* [The data]:
'''
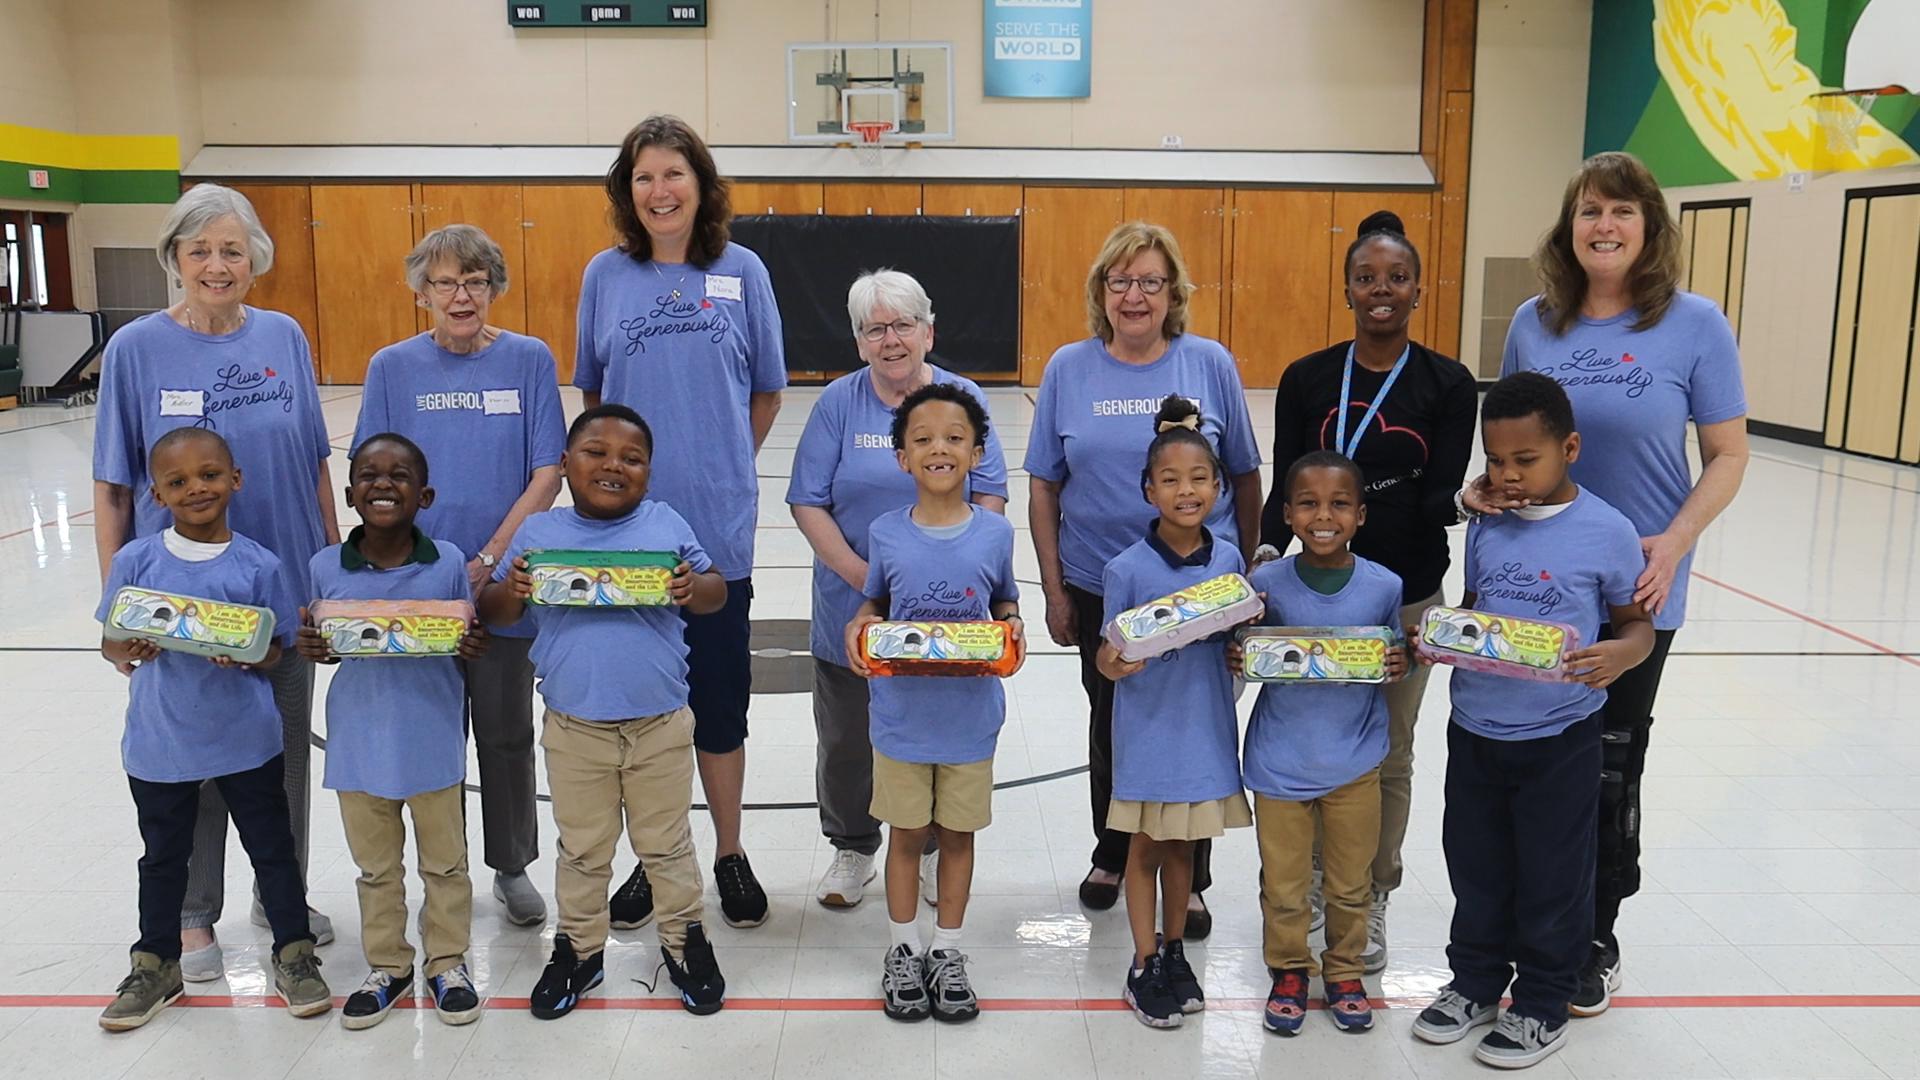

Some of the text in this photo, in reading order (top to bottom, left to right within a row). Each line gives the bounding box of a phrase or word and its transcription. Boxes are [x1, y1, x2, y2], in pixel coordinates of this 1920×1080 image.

[517, 7, 541, 19] won
[591, 7, 621, 21] game
[672, 7, 696, 19] won
[996, 22, 1080, 37] SERVE THE
[1000, 41, 1075, 55] WORLD
[649, 295, 704, 319] Live
[620, 314, 730, 357] Generously
[1559, 348, 1621, 373] Live
[213, 363, 268, 393] Live
[426, 391, 483, 410] GENEROU
[1102, 397, 1161, 416] GENEROU
[1495, 561, 1539, 588] Live
[921, 580, 966, 605] Live
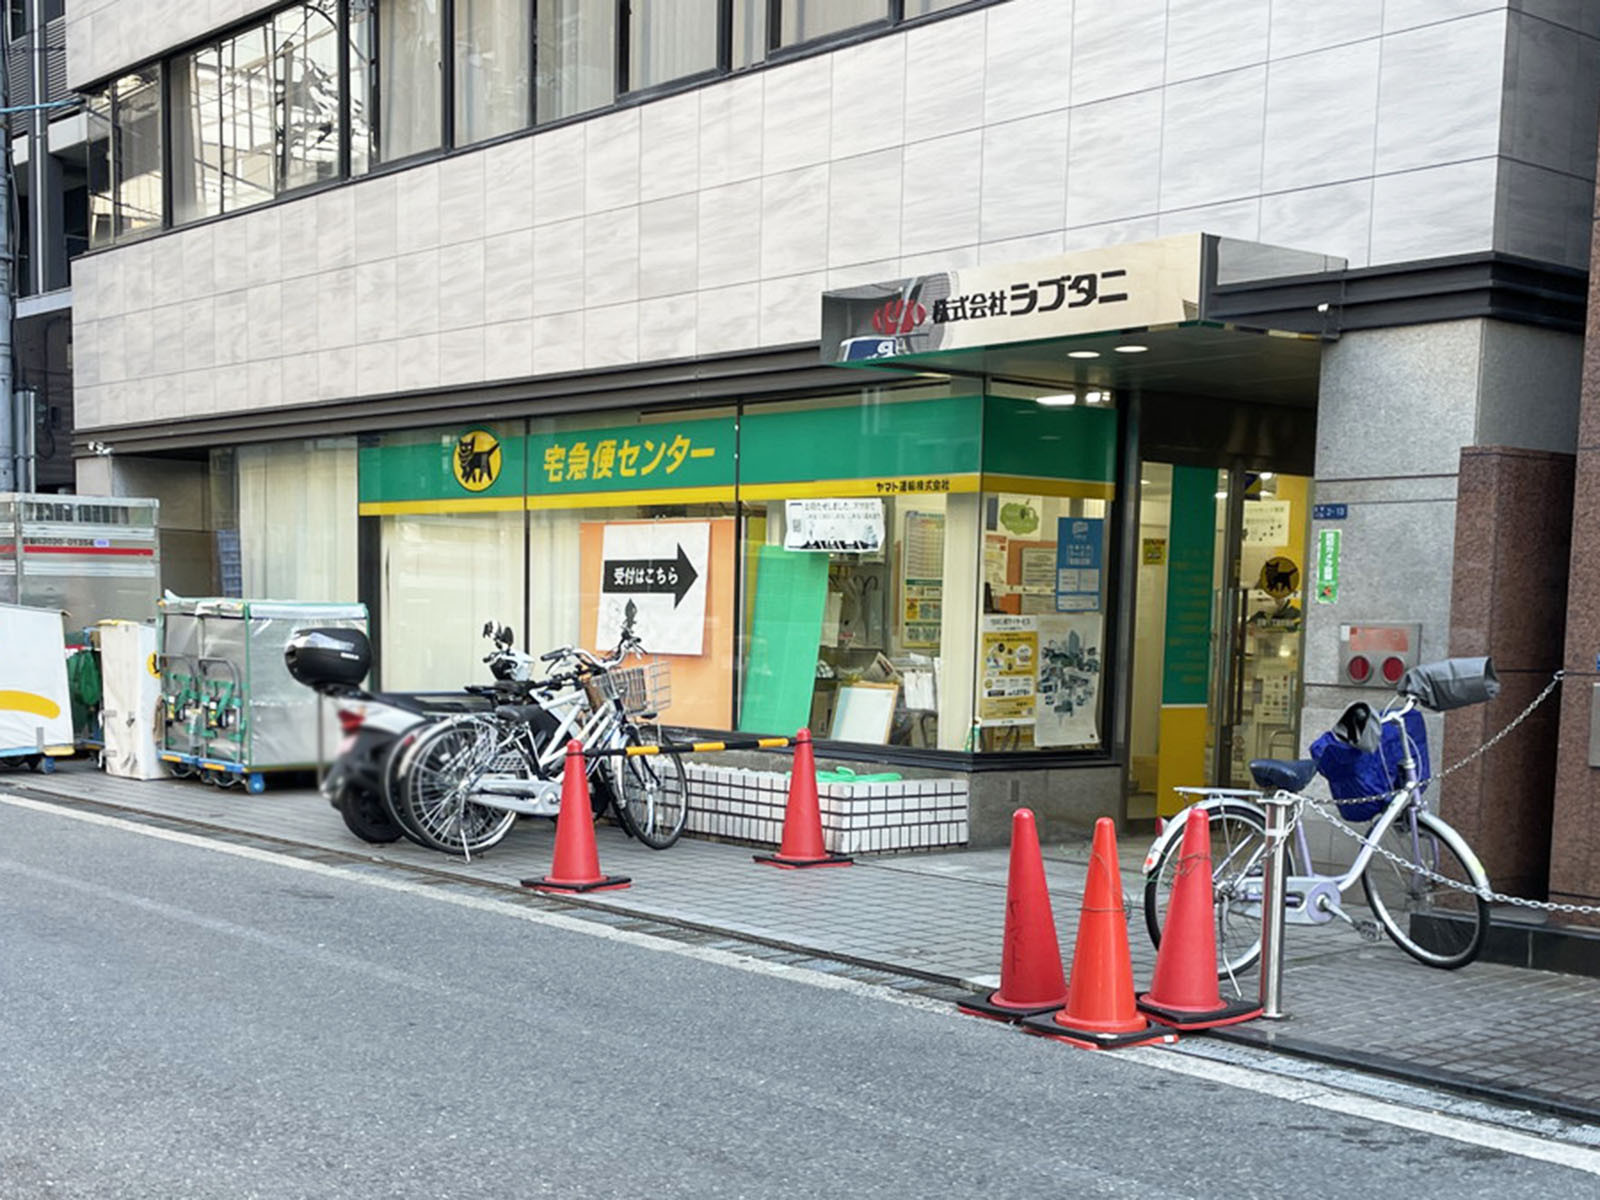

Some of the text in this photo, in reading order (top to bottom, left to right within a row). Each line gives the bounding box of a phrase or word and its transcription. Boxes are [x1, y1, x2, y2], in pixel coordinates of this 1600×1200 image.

[932, 269, 1128, 324] 株式会社シブタニ
[543, 434, 716, 483] 宅急便センター
[613, 566, 679, 586] 受付はこちら
'''
* [Task]: Images do not belong in the copy; reproduce all other parts of the records above verbatim.

* [Expected answer]:
Some of the text in this photo, in reading order (top to bottom, left to right within a row). Each line gives the bounding box of a phrase or word and its transcription. Boxes are [x1, y1, x2, y2], in pixel coordinates of this 1920×1080 image.

[517, 7, 541, 19] won
[591, 7, 621, 21] game
[672, 7, 696, 19] won
[996, 22, 1080, 37] SERVE THE
[1000, 41, 1075, 55] WORLD
[649, 295, 704, 319] Live
[620, 314, 730, 357] Generously
[1559, 348, 1621, 373] Live
[213, 363, 268, 393] Live
[426, 391, 483, 410] GENEROU
[1102, 397, 1161, 416] GENEROU
[1495, 561, 1539, 588] Live
[921, 580, 966, 605] Live

Some of the text in this photo, in reading order (top to bottom, left to right within a row). Each line gives the bounding box of a phrase or word and its transcription. Boxes are [x1, y1, x2, y2], in pixel coordinates of this 1600×1200 image.

[932, 269, 1128, 324] 株式会社シブタニ
[543, 434, 716, 483] 宅急便センター
[613, 566, 679, 586] 受付はこちら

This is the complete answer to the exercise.